TASK BRIEF: Every entry below should be written out again exactly.

MATERIAL PROVIDED:

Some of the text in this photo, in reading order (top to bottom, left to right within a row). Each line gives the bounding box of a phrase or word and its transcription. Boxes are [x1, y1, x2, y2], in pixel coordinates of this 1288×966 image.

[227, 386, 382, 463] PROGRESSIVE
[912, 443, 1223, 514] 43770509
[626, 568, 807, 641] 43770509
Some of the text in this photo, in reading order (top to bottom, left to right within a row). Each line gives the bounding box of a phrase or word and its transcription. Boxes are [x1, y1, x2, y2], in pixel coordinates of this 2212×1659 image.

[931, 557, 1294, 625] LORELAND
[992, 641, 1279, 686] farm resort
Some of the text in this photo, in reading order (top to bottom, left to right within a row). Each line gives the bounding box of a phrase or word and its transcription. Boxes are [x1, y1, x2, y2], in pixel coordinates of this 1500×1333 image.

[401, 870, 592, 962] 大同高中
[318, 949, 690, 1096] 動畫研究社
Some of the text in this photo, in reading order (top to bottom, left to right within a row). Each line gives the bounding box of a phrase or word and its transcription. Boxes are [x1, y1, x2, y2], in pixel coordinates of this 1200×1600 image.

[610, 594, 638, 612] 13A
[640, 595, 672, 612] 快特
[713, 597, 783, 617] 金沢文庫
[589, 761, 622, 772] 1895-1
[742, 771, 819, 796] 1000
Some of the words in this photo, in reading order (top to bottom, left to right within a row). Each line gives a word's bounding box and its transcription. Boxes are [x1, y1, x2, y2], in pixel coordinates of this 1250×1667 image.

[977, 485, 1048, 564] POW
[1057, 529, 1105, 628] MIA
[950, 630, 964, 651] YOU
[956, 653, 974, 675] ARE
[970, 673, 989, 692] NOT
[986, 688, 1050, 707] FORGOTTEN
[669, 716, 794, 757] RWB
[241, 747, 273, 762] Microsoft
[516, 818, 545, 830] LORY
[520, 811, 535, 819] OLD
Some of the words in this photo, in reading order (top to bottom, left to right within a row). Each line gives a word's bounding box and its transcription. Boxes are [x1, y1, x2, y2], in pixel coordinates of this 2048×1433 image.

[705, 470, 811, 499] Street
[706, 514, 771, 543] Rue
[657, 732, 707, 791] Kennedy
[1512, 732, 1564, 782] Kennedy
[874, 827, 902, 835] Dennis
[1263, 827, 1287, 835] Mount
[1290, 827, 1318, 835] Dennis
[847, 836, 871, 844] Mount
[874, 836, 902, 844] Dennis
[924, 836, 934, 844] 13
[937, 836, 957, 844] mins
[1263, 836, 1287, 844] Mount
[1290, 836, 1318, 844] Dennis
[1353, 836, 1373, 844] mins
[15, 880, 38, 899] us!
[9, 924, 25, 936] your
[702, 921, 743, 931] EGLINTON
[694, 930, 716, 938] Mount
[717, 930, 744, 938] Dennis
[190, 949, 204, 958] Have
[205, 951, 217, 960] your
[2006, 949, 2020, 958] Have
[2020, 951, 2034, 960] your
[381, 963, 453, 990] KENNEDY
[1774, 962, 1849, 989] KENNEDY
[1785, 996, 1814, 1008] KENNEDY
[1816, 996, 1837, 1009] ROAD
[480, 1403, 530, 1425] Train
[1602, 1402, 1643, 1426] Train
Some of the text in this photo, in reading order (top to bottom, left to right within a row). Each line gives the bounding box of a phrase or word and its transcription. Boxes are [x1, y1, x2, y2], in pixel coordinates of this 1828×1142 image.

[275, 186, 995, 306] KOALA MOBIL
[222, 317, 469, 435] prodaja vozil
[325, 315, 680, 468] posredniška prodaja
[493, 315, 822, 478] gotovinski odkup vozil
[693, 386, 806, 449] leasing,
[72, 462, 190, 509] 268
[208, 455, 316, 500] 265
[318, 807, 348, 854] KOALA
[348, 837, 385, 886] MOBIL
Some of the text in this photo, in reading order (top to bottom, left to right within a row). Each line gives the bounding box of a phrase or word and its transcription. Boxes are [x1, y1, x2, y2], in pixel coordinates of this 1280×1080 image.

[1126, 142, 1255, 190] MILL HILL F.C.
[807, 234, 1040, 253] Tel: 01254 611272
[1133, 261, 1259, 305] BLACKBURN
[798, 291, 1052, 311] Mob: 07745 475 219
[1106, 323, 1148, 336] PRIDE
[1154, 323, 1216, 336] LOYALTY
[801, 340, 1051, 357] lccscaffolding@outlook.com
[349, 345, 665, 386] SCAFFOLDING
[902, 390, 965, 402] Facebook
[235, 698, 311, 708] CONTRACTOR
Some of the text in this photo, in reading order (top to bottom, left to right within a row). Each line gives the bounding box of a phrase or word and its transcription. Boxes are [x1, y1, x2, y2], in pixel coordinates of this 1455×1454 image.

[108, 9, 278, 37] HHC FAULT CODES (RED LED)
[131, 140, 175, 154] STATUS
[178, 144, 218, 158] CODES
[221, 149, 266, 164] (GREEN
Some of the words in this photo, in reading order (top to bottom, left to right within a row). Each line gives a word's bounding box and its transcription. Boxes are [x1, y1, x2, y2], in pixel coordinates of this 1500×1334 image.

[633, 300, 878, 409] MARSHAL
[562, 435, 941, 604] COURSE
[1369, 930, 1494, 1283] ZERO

REPLY:
Some of the text in this photo, in reading order (top to bottom, left to right within a row). Each line gives the bounding box of a phrase or word and its transcription. Boxes are [x1, y1, x2, y2], in pixel coordinates of this 1288×966 image.

[227, 386, 382, 463] PROGRESSIVE
[912, 443, 1223, 514] 43770509
[626, 568, 807, 641] 43770509
Some of the text in this photo, in reading order (top to bottom, left to right within a row). Each line gives the bounding box of a phrase or word and its transcription. Boxes are [x1, y1, x2, y2], in pixel coordinates of this 2212×1659 image.

[931, 557, 1294, 625] LORELAND
[992, 641, 1279, 686] farm resort
Some of the text in this photo, in reading order (top to bottom, left to right within a row). Each line gives the bounding box of a phrase or word and its transcription. Boxes are [x1, y1, x2, y2], in pixel coordinates of this 1500×1333 image.

[401, 870, 592, 962] 大同高中
[318, 949, 690, 1096] 動畫研究社
Some of the text in this photo, in reading order (top to bottom, left to right within a row). Each line gives the bounding box of a phrase or word and its transcription. Boxes are [x1, y1, x2, y2], in pixel coordinates of this 1200×1600 image.

[610, 594, 638, 612] 13A
[640, 595, 672, 612] 快特
[713, 597, 783, 617] 金沢文庫
[589, 761, 622, 772] 1895-1
[742, 771, 819, 796] 1000
Some of the words in this photo, in reading order (top to bottom, left to right within a row). Each line gives a word's bounding box and its transcription. Boxes are [x1, y1, x2, y2], in pixel coordinates of this 1250×1667 image.

[977, 485, 1048, 564] POW
[1057, 529, 1105, 628] MIA
[950, 630, 964, 651] YOU
[956, 653, 974, 675] ARE
[970, 673, 989, 692] NOT
[986, 688, 1050, 707] FORGOTTEN
[669, 716, 794, 757] RWB
[241, 747, 273, 762] Microsoft
[516, 818, 545, 830] LORY
[520, 811, 535, 819] OLD
Some of the words in this photo, in reading order (top to bottom, left to right within a row). Each line gives a word's bounding box and its transcription. Boxes are [x1, y1, x2, y2], in pixel coordinates of this 2048×1433 image.

[705, 470, 811, 499] Street
[706, 514, 771, 543] Rue
[657, 732, 707, 791] Kennedy
[1512, 732, 1564, 782] Kennedy
[874, 827, 902, 835] Dennis
[1263, 827, 1287, 835] Mount
[1290, 827, 1318, 835] Dennis
[847, 836, 871, 844] Mount
[874, 836, 902, 844] Dennis
[924, 836, 934, 844] 13
[937, 836, 957, 844] mins
[1263, 836, 1287, 844] Mount
[1290, 836, 1318, 844] Dennis
[1353, 836, 1373, 844] mins
[15, 880, 38, 899] us!
[9, 924, 25, 936] your
[702, 921, 743, 931] EGLINTON
[694, 930, 716, 938] Mount
[717, 930, 744, 938] Dennis
[190, 949, 204, 958] Have
[205, 951, 217, 960] your
[2006, 949, 2020, 958] Have
[2020, 951, 2034, 960] your
[381, 963, 453, 990] KENNEDY
[1774, 962, 1849, 989] KENNEDY
[1785, 996, 1814, 1008] KENNEDY
[1816, 996, 1837, 1009] ROAD
[480, 1403, 530, 1425] Train
[1602, 1402, 1643, 1426] Train
Some of the text in this photo, in reading order (top to bottom, left to right within a row). Each line gives the bounding box of a phrase or word and its transcription. Boxes are [x1, y1, x2, y2], in pixel coordinates of this 1828×1142 image.

[275, 186, 995, 306] KOALA MOBIL
[222, 317, 469, 435] prodaja vozil
[325, 315, 680, 468] posredniška prodaja
[493, 315, 822, 478] gotovinski odkup vozil
[693, 386, 806, 449] leasing,
[72, 462, 190, 509] 268
[208, 455, 316, 500] 265
[318, 807, 348, 854] KOALA
[348, 837, 385, 886] MOBIL
Some of the text in this photo, in reading order (top to bottom, left to right within a row). Each line gives the bounding box of a phrase or word and its transcription. Boxes are [x1, y1, x2, y2], in pixel coordinates of this 1280×1080 image.

[1126, 142, 1255, 190] MILL HILL F.C.
[807, 234, 1040, 253] Tel: 01254 611272
[1133, 261, 1259, 305] BLACKBURN
[798, 291, 1052, 311] Mob: 07745 475 219
[1106, 323, 1148, 336] PRIDE
[1154, 323, 1216, 336] LOYALTY
[801, 340, 1051, 357] lccscaffolding@outlook.com
[349, 345, 665, 386] SCAFFOLDING
[902, 390, 965, 402] Facebook
[235, 698, 311, 708] CONTRACTOR
Some of the text in this photo, in reading order (top to bottom, left to right within a row). Each line gives the bounding box of a phrase or word and its transcription. Boxes are [x1, y1, x2, y2], in pixel coordinates of this 1455×1454 image.

[108, 9, 278, 37] HHC FAULT CODES (RED LED)
[131, 140, 175, 154] STATUS
[178, 144, 218, 158] CODES
[221, 149, 266, 164] (GREEN
Some of the words in this photo, in reading order (top to bottom, left to right within a row). Each line gives a word's bounding box and its transcription. Boxes are [x1, y1, x2, y2], in pixel coordinates of this 1500×1334 image.

[633, 300, 878, 409] MARSHAL
[562, 435, 941, 604] COURSE
[1369, 930, 1494, 1283] ZERO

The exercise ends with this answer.